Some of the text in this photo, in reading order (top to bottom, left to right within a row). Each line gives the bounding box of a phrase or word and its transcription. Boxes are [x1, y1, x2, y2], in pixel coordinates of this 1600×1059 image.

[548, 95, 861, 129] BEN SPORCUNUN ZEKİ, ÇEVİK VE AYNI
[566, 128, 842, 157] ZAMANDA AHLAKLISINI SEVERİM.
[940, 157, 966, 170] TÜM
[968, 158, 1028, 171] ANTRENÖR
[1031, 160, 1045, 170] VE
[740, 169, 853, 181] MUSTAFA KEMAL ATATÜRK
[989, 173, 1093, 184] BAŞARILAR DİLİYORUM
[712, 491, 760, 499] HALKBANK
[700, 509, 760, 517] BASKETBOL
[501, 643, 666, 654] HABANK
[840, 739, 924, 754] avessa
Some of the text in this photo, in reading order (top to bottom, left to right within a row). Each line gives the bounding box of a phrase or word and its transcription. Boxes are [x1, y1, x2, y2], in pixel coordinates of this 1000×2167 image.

Exercise aim:
Please set down the material above once more, word for word.

Your solution:
Some of the text in this photo, in reading order (top to bottom, left to right within a row). Each line gives the bounding box of a phrase or word and its transcription. Boxes are [x1, y1, x2, y2], in pixel coordinates of this 1600×1059 image.

[548, 95, 861, 129] BEN SPORCUNUN ZEKİ, ÇEVİK VE AYNI
[566, 128, 842, 157] ZAMANDA AHLAKLISINI SEVERİM.
[940, 157, 966, 170] TÜM
[968, 158, 1028, 171] ANTRENÖR
[1031, 160, 1045, 170] VE
[740, 169, 853, 181] MUSTAFA KEMAL ATATÜRK
[989, 173, 1093, 184] BAŞARILAR DİLİYORUM
[712, 491, 760, 499] HALKBANK
[700, 509, 760, 517] BASKETBOL
[501, 643, 666, 654] HABANK
[840, 739, 924, 754] avessa
Some of the text in this photo, in reading order (top to bottom, left to right within a row). Each line gives the bounding box of a phrase or word and its transcription. Boxes are [x1, y1, x2, y2], in pixel coordinates of this 1000×2167 image.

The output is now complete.